Most of our subjects completed two DAT subtests in a 
counterbalanced order: language Usage and Space Relations, 
selected because of their high correlations with our standard IQ 
estimating test, the Shipley, with its Verbal and Abstract 
scores. Subjects were randomly assigned to one of three 
administration conditions: Paper & Pencil, Fixed Length computer 
adaptive, and Variable Length computer adaptive. 

Tests with variable item numbers (rather than the standard 
fixed item number) have not received much study. In principle, 
most termination criteria used in variable length tests should 
result in shorter tests that are as accurate as fixed length 
tests. For this project, an option for the Variable Length 
condition was programmed allowing the specification of a 
termination rule for each of the CAT-DAT 's seven power subtests. 

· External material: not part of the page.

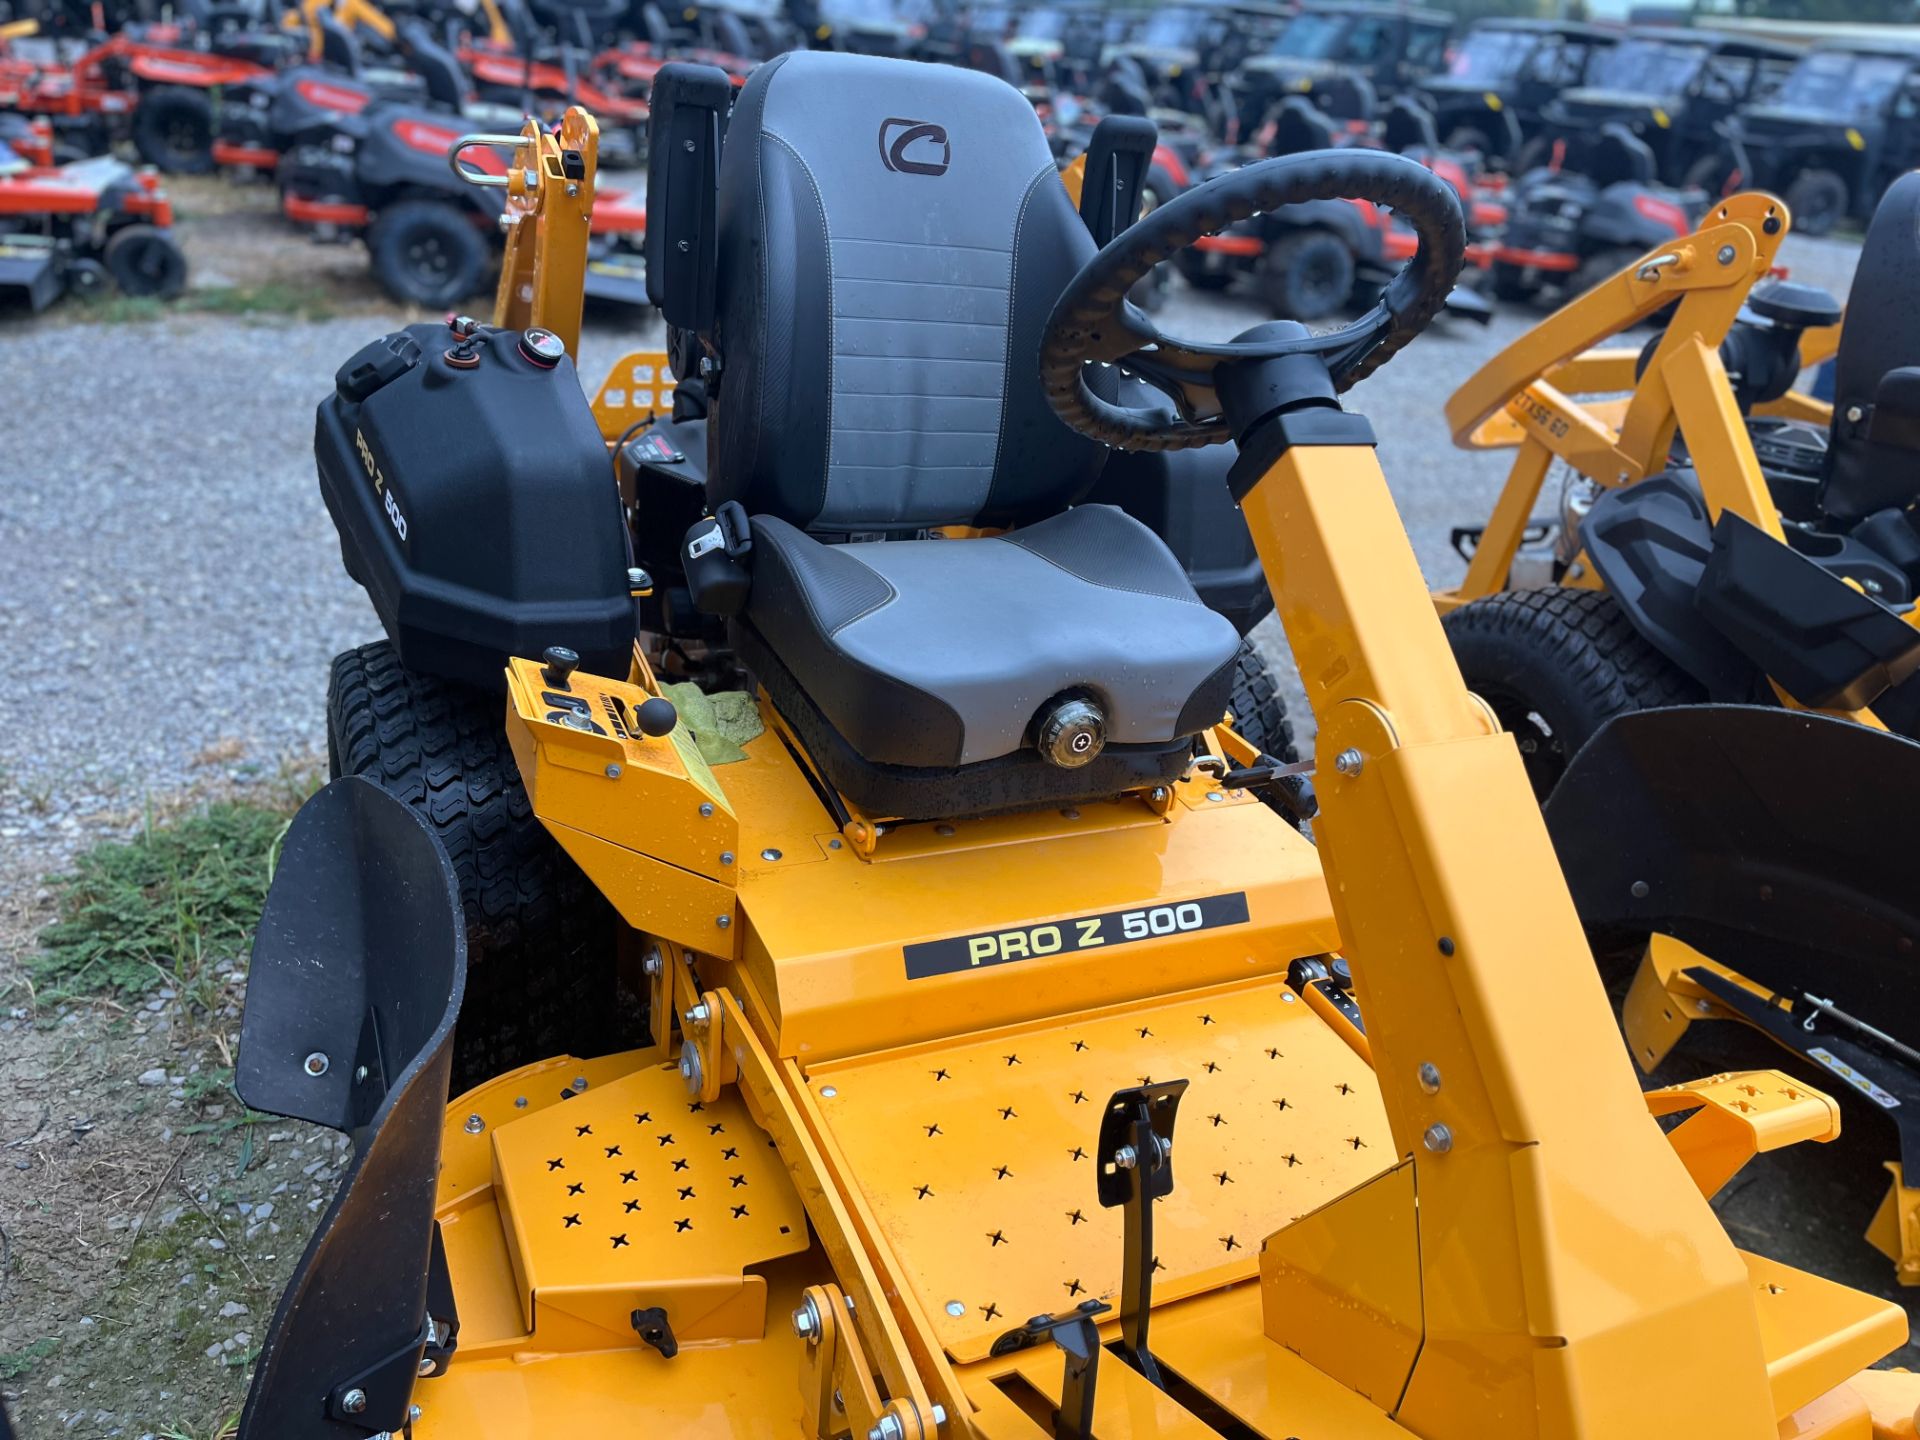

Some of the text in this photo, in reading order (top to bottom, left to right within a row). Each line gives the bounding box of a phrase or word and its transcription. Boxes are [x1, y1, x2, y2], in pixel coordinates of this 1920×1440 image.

To estimate an individual's "true score" to an accuracy of 
approximately ± 1 standard error of measurement, we specified 
posterior variance values of .06 for Space Relations and .10 for 
Language Usage. We derived these figures by subtracting (from 
1.00) previously reported DAT subtest reliabilities. Relative to 
the commercial CAT-DAT, our CAT-DAT subtests incorporated 
expanded item pools and a three-parameter logistic model for 
estimating ability levels rather than a one-parameter model. Our 
CAT-DATs matched the commercial CAT-DAT in item format, 
introductory and support materials, and test result printouts. 

The CAT-DATs were given at an IBM AT-compatible computer 
equipped with a high resolution 14" green monochrome monitor. 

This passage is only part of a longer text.